Warnie has balls in the air
It takes a curiously ingenious or weird take on the world to use Aussie cricketer and serial shagger Shane Warne to promote a telephone service. He’s the one accused of harassing a South African woman by sending her obscene texts while on tour.
Yet an exhibition stand at the recent G-Force conference in Melbourne featured Warnie’s grinning face promoting “Messages On Hold” — verbal promotions over the phone inflicted on you as you wait to be granted some “real person” attention. The gesture of the “Messages On Hold” staffer on the stand is worthy of a speech balloon too — any suggestions?
However, our e-taler reckons even this is beaten into second place by IBM’s sinister promotion for its unified communications product range.
Under the caption “Take Back Control”, three smart 20-something execs are pictured enclosed in a transparent cell with a honeycomb pattern on the wall — a powerful symbol of enslavement to the corporate good, our e-taler thinks. And who has them under control? A fiftyish, balding, overweight manager poised at the terminal. Looks like a threatened man’s fantasy. As a marketing ploy we’re afraid to think it might actually work.
NZX capital challenged
E-tales recently got hold of a curious media release from the NZ stock exchange all about a new “gold standard of responsible investment” — an ethical Tower KiwiSaver fund that has signed up to the “un-protocol on Responsible Investment”.
Obviously, someone forgot to cap-up UN (for United Nations) and the result makes for curious reading. But, a “gold standard” investment? Get your capitals right, Tower, and we might believe you.
Warp drive on horizon
As far as E-tales is concerned, IBM’s weird green “people box” (above) is strangely reminiscent of the Star Trek transporter box — and also in tune with the recent news that the Star Trek warp drive technology could be possible.

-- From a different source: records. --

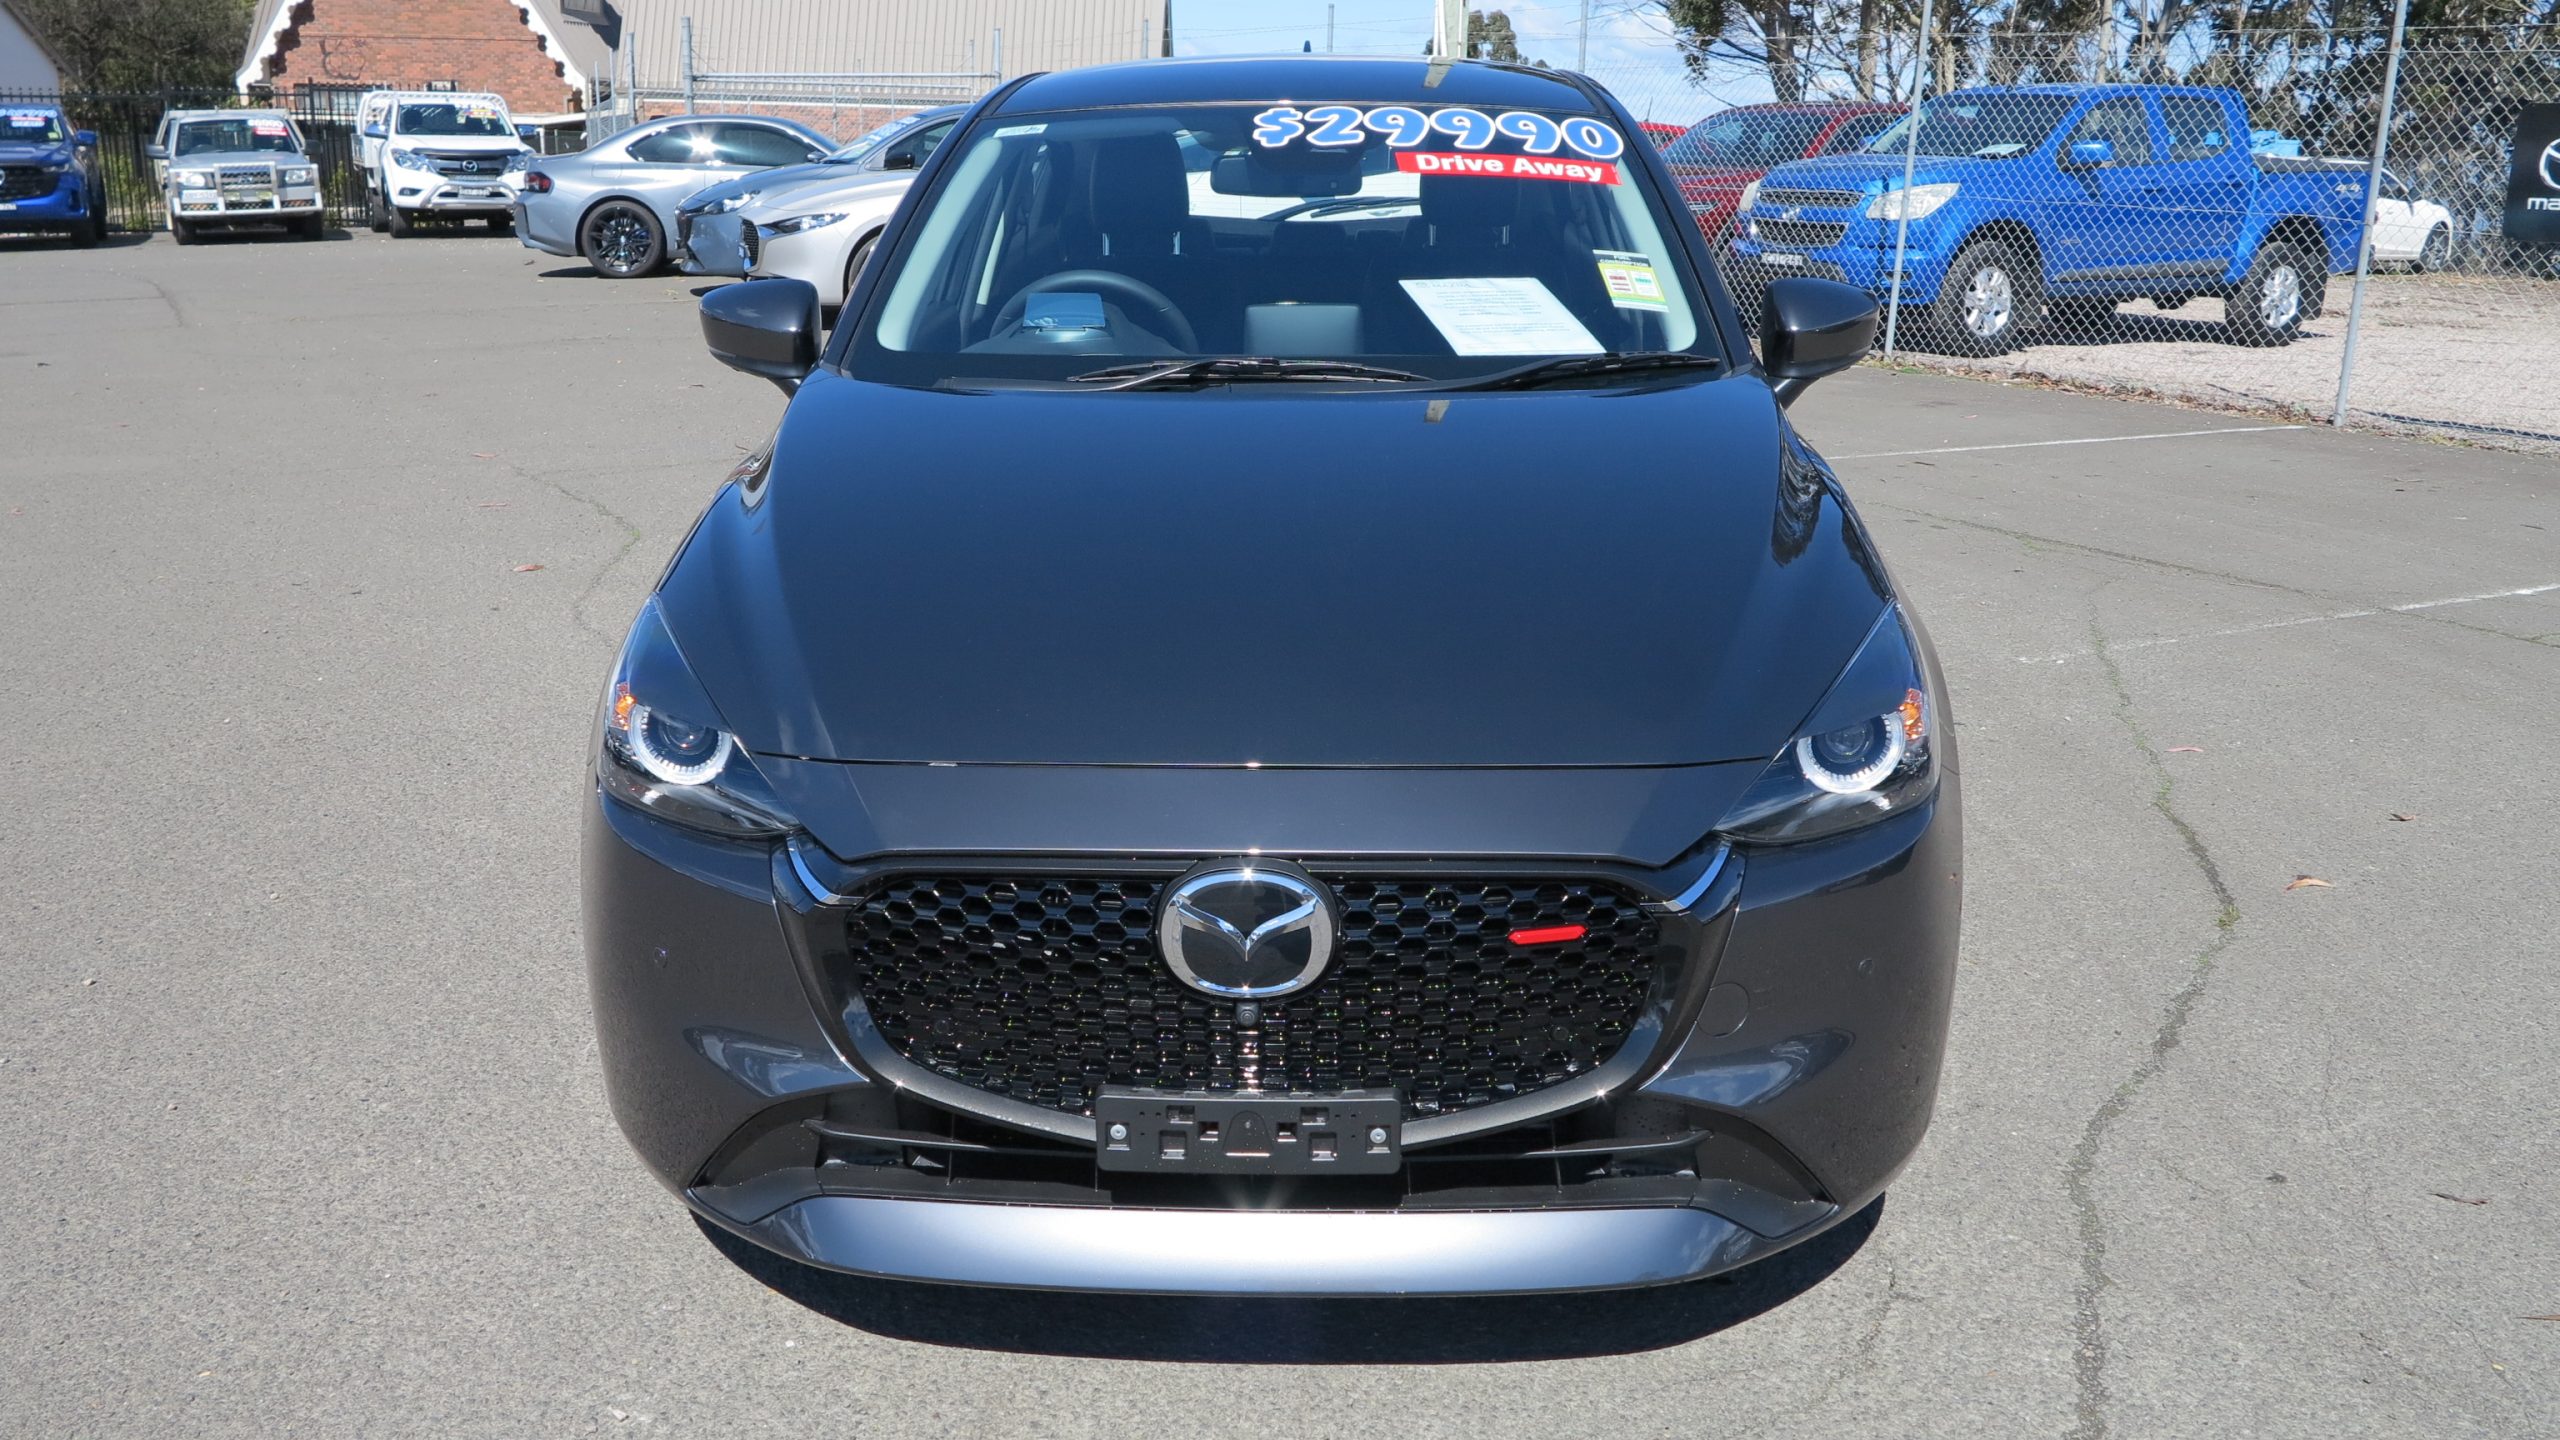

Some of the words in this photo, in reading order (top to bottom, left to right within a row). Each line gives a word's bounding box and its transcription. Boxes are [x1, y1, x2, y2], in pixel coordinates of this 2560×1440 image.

[1252, 106, 1625, 159] $29990
[1415, 153, 1504, 173] Drive
[1512, 157, 1604, 183] Away
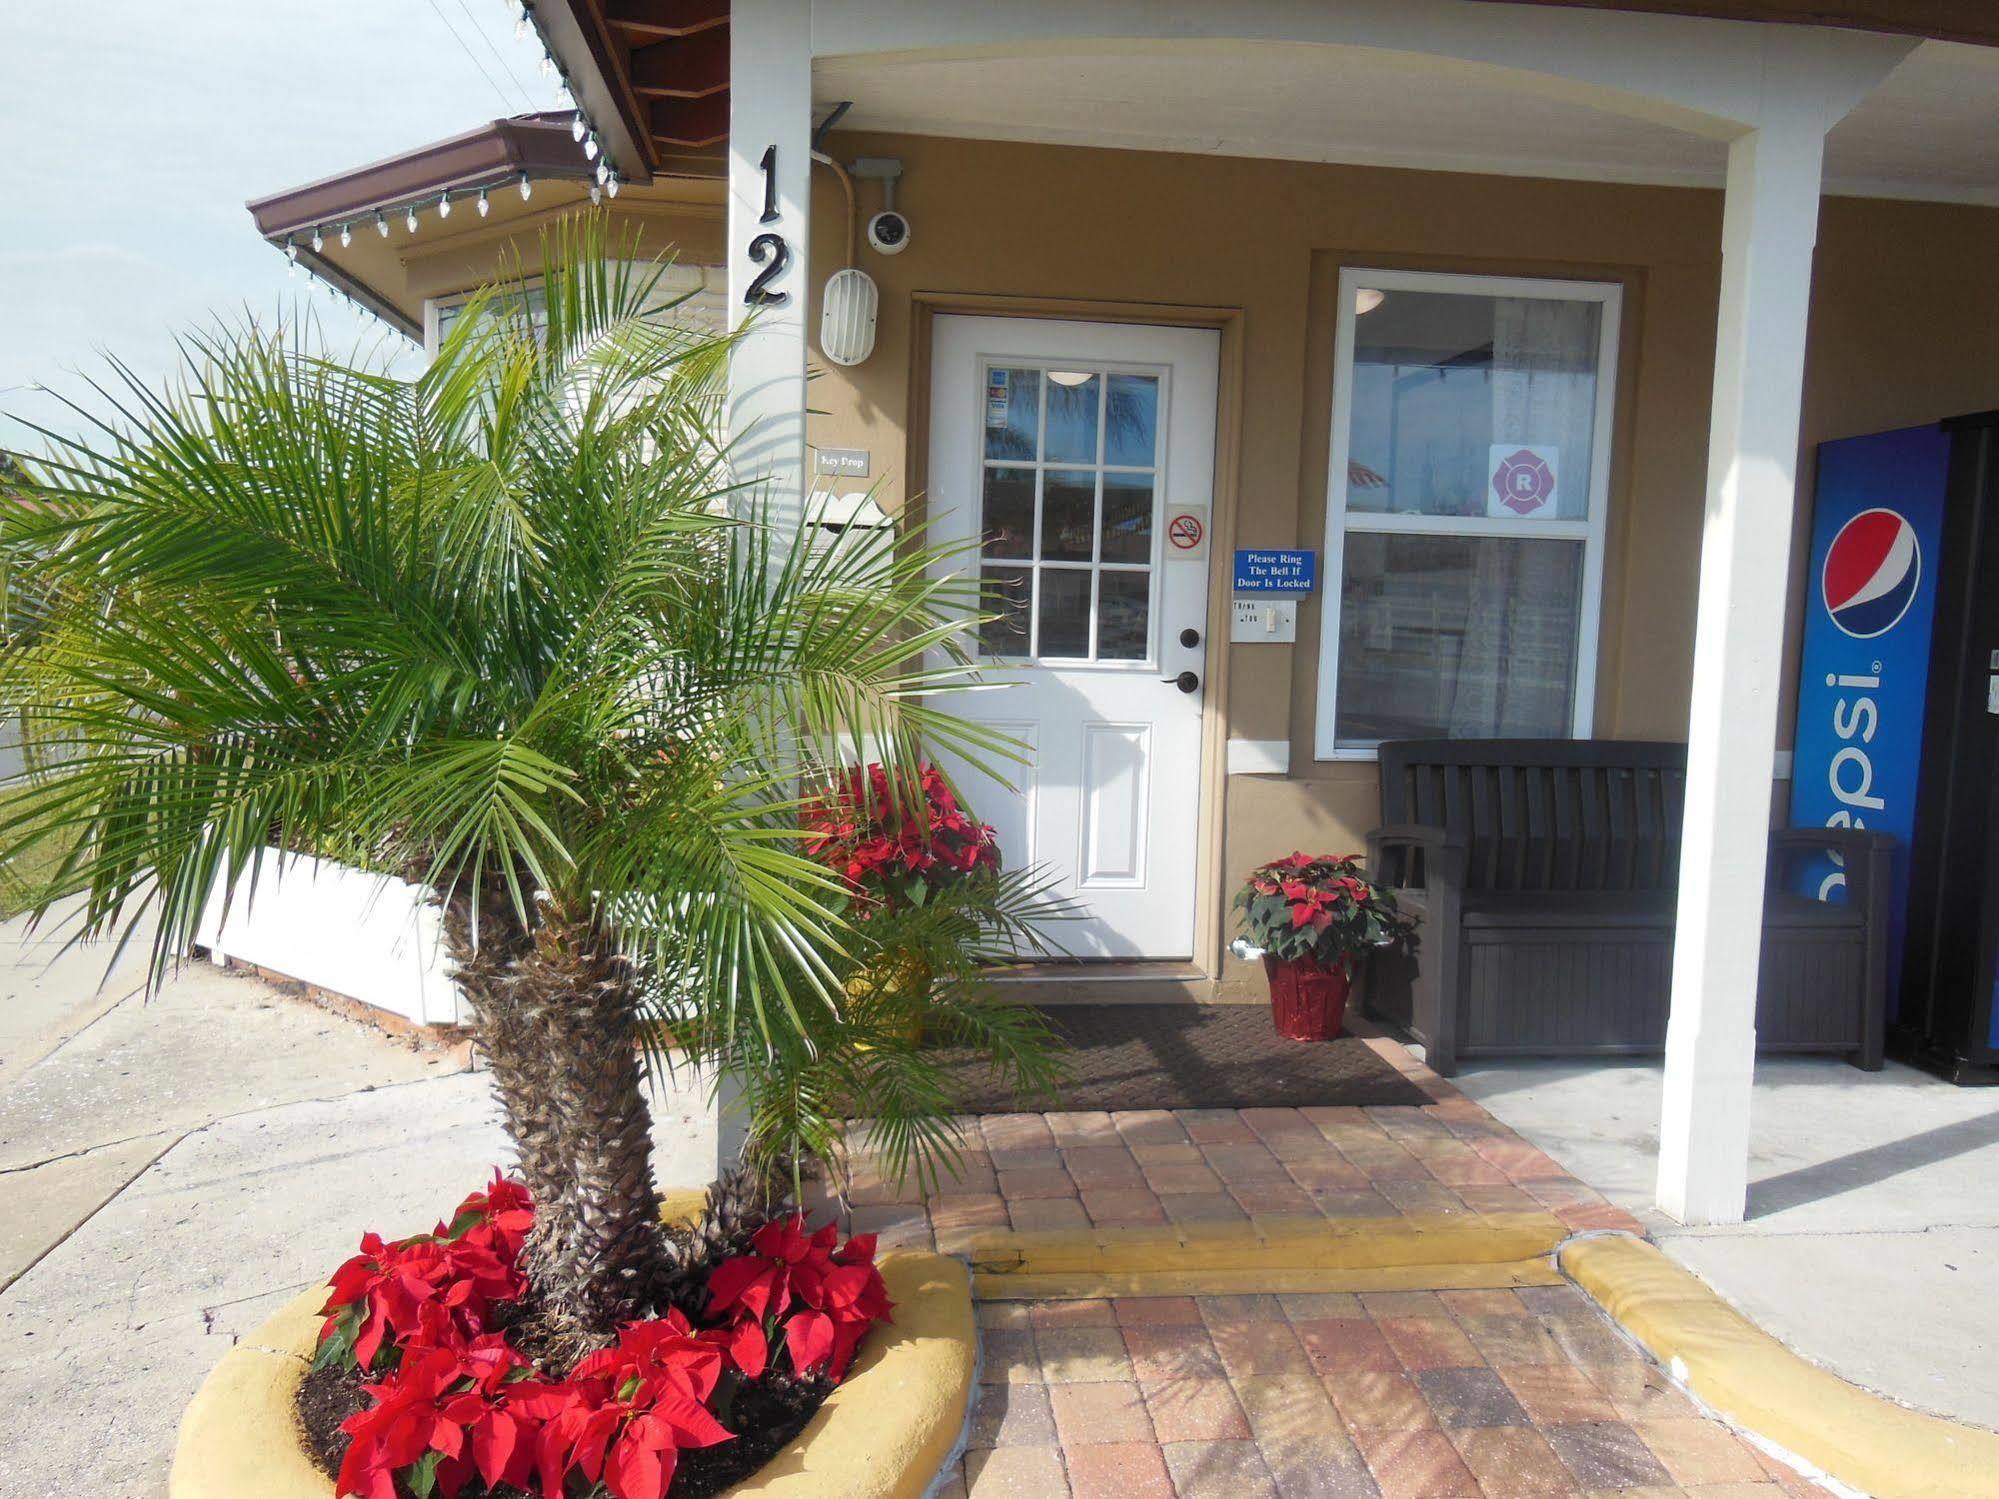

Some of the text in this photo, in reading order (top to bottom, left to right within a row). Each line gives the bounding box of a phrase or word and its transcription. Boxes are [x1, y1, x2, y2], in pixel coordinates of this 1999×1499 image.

[841, 456, 864, 469] Drop
[1516, 473, 1533, 491] R
[1247, 553, 1302, 566] Please Ring
[1249, 566, 1302, 576] The Bell If
[1237, 577, 1311, 588] Door Is Locked
[1817, 672, 1885, 902] psi

Two US physicists, from Texas’ Baylor University, Dr Gerald Cleaver and Richard Obousy, say it’s possible to warp time — without breaking the laws of physics — by warping space, so it shrinks ahead of a starship and expands behind it. The universe’s dark energy could be used to create this warp “bubble”, they say. Of course, there is the small matter of finding that dark energy, but maybe the giant atom-smasher that is the Large Hadron Collider, due to be switched on soon, will help sort this out.
It’s one of the things the LHC high-energy physics boffins will be on the look-out for.
102 years young on Facebook
Facebook could become hip for the older set now British great-grandmother Ivy Bean — 102 years young — has signed up.
After hearing about all the online fun of the contact site, from staff at her Yorkshire care home, she got them to set here up with her own Facebook profile and is now tapping away to family and friends. She’s up to nine friends already and is now planning to add in her photos. After that, she plans to have a go at Nintendo’s Wii.
Holy Spirit goes spooky
This is spooky. Arizona pastor Irwin Alton has gone all digital and hooked into MySpace to discover his parishioners’ sins. He then castigates those poor lambs who have strayed from the narrow way, from the pulpit. He doesn’t actually name them — just their sins. One poor chap thought the Holy Spirit had gotten into the pastor — it hadn’t, he’d just been reading the man’s blog.
E-tales has always had doubts about the wisdom of posting too much personal stuff online — and the techie pulpit-pontificator just feeds the paranoia. You know: just because you’re paranoid doesn’t mean the God police aren’t out to get you.